Ada banyak evaluasi yang harus dilakukan dengan sudah berjalannya PPKM Mikro. Misalnya, bagaimana target yang terukur dari penerapan PPKM Mikro itu. Target itu, bisa mencakup jumlah pengujian sampel, tes PCR dan vaksinasi yang telah dilakukan.

Selain itu, juga perlu diukur sejauh mana agresifitas pelacakan penyebaran Covid-19 yang sudah dilakukan. Perlu dikaji juga, seberapa ketat monitoring potensi penyebaran Covid-19 di beberapa klaster.

Terakhir, penanganan kasus Covid-19 di daerah menjadi cerminan kinerja kepala daerah.
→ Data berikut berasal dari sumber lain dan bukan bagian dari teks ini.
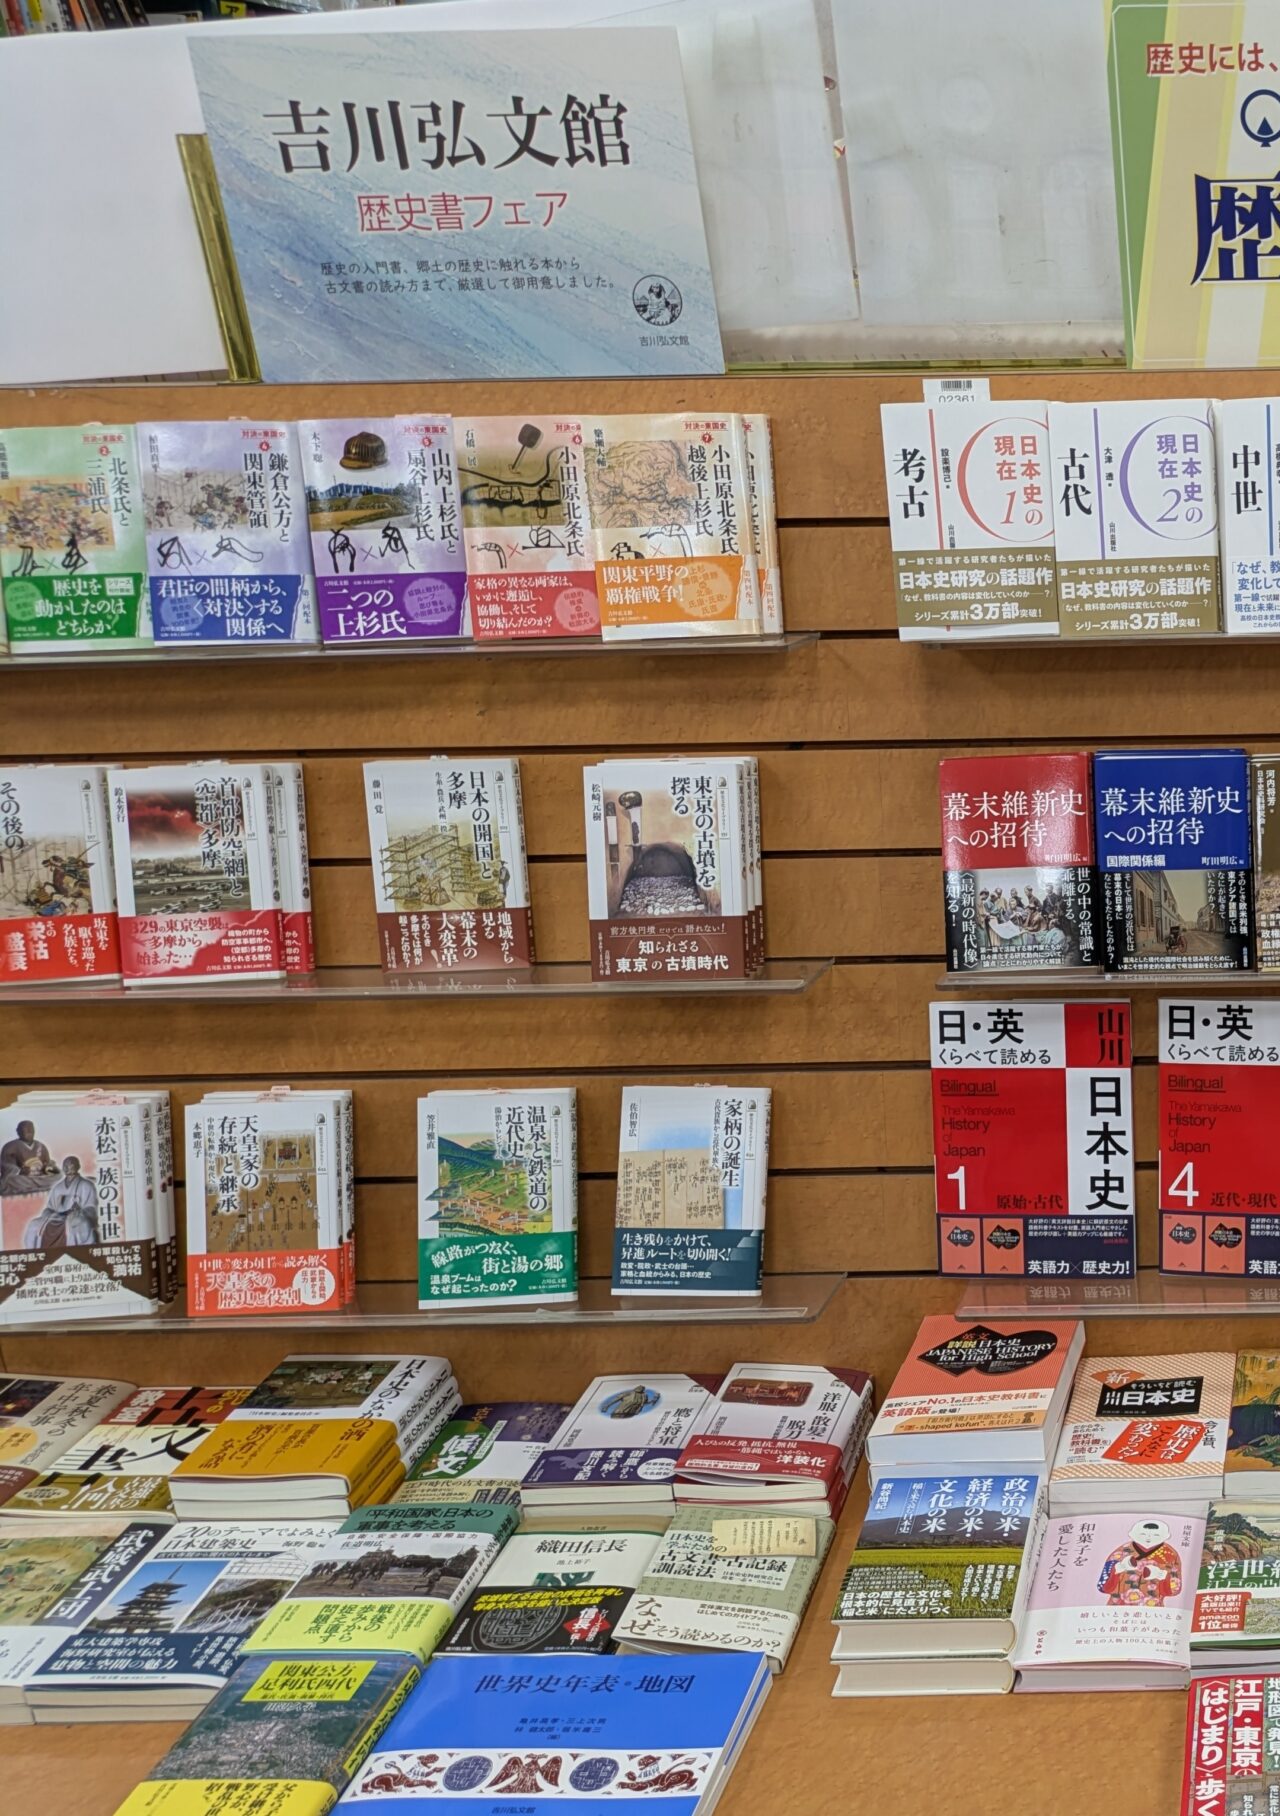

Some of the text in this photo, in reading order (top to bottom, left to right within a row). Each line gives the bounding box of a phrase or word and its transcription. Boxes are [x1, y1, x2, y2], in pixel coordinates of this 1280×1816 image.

Rakyat membutuhkan kepala daerah yang efektif bisa menangani persoalan Covid-19 di daerah masing-masing berikut dampak sosial ekonominya. Sehingga kegagalan menekan laju penyebaran virus Corona jadi persoalan serius yang harus segera dibenahi.

Akhir kata, waktu 100 hari Pemerintahan Vandiko-Martua memang tidak bisa dijadikan tolak ukur suksesi kepemimpinan daerah. Namun program 100 hari kerja adalah gambaran jalannya roda pemerintahan selama 5 tahun kedepan. Apakah mereka bisa meyakinkan visi dan programnya kepada masyarakat? Biarlah masyarakat itu sendiri yang menilai.(Penulis: Suriono Brandoi Siringoringo SE).